La esposa del ex juez decano de Barcelona acusa a su marido de haber querido matarla

01/10/2010 - 09:45 Hemeroteca

Por: EUROPA PRESS
La esposa de José Manuel Regadera, ex juez decano de Barcelona, declaró que su marido quiso matarla tras una discusión en la que ambos sufrieron lesiones, mientras que él aseguró que sólo se defendía de su esposa. Ambos, acusados de agresión, declararon en el juicio celebrado este martes en la Ciutat de la Justicia, en el que ofrecieron versiones contradictorias de la pelea que tuvieron en su domicilio el 2 de abril de 2008. En su declaración, María Raosa Igay dijo que temió por su vida.
“Se acabó.

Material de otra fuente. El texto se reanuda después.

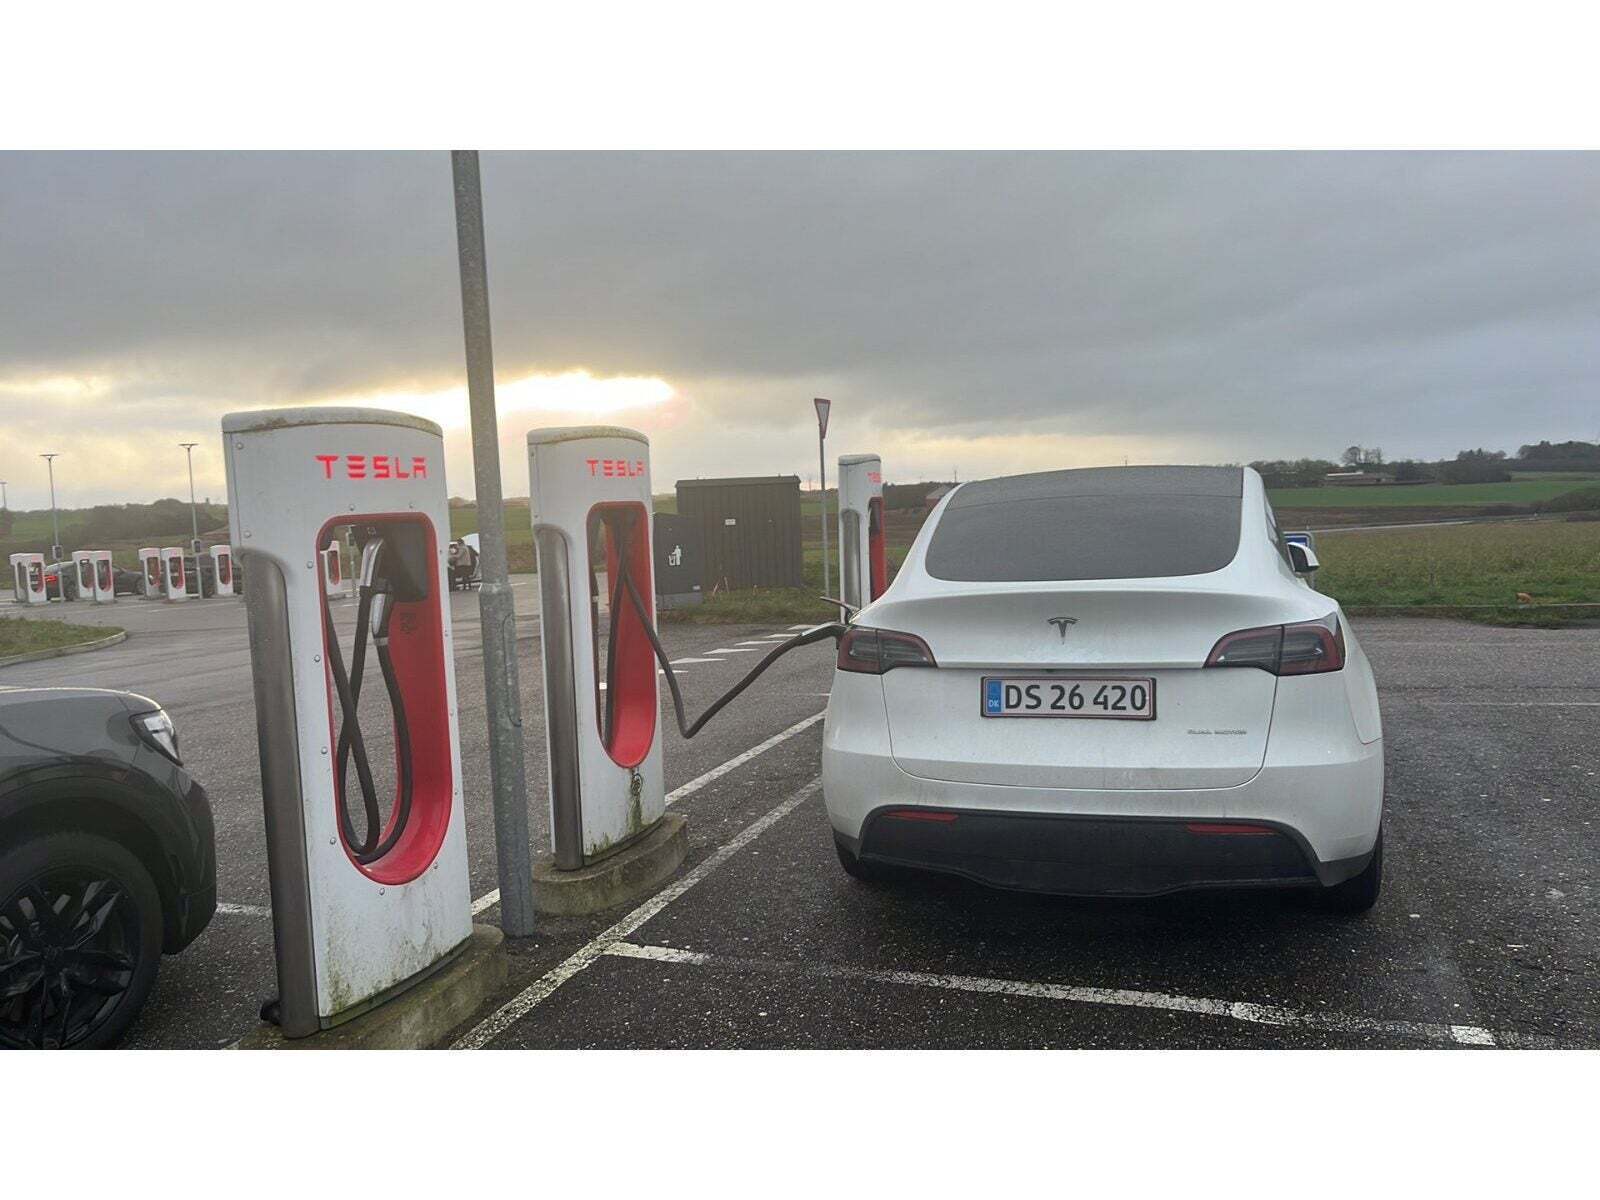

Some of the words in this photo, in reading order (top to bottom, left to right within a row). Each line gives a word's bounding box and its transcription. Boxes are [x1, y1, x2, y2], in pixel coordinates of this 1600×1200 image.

Voy a acabar contigo para siempre”, afirmó el magistrado, según su ex esposa. Acto después se dirigiría a la cocina para coger un cuchillo del cajón de los cubiertos y subir de nuevo a la habitación en la que ella se había encerrado. En su conclusión final, visiblemente afectada, ella sentenció: “Mi marido me pegó y me intentó matar esa noche”. Los Mossos d´Esquadra que acudieron al domicilio esa noche declararon en el juicio no haber visto ningún arma. Según la declaración de la esposa, Regadera, al que acusó de haber bebido “abundantemente”, algo que los testigos dijeron no haber percibido, la agarró de los antebrazos, la zarandeó, la empujó contra la pared y luego contra el marco de la puerta. Después, siempre según la declaración de María Rosa Igay, él la cogió por el brazo con la puerta, aunque finalmente ella logró escapar. Por su parte, el ex juez decano alegó que solamente se defendía de los golpes que ella empezó a darle tras haber tenido una discusión por una infidelidad que él estaba cometiendo y que ella descubrió después de decidir la separación de la pareja. Regadera declaró que su esposa, tras dar por acabada la discusión, irrumpió en su habitación -dormían separados desde hace días- le dio un bofetón, le agarró de los genitales y le propinó rodillazos y patadas, por lo que él la cogió de los antebrazos para intentar echarla de la habitación. El ex juez decano negó en todo momento haber zarandeado a su mujer, y puntualizó que él recibió también un mordisco. Los Mossos D’Esquadra acudieron al domicilio alertados por la llamada de ella aunque, en un principio, no pudieron entrar porque nadie les abrió la puerta. Según Igay esto se debió a que ella estaba encerrada en la habitación para defenderse de su marido, presuntamente armado; según él, porque pensó que se trataba de un vecino. Regadera consideró innecesario llamar a los agentes, ya que se trataba de una discusión conyugal privada. Durante el juicio es escuchó la grabación de las llamadas que María Rosa Igay hizo a los Mossos en las que, muy nerviosa y llorando, les reclamaba que acudieran al domicilio y aseguraba temer por su vida.

LA FISCALÍA SOLICITA PRISIÓN PARA AMBOS

En su conclusión final, la Fiscalía mantuvo las penas que solicitó en su escrito de acusación, de nueve meses de prisión para el ex juez decano por agredir a su esposa, y de siete meses y medio para ella. La Fiscalía constató que los dos acusados ofrecieron versiones contradictorias, aunque quedó acreditado que hubo una discusión previa y que ambos presentaban lesiones, por lo que consideró agresión por ambas partas. Los abogados solicitaron la absolución de sus respectivos clientes y alegaron que lo que hicieron fue defenderse de una agresión.

El juicio generó una gran expectación mediática, ya que en el momento en el que ocurrieron los hechos Regadera era juez decano de Barcelona. El acusado, que tuvo que dimitir por las presiones de 18 de los 33 jueces de Instrucción Pública de Barcelona, podría perder su condición de juez en el caso de haber una sentencia firme contra él por un delito.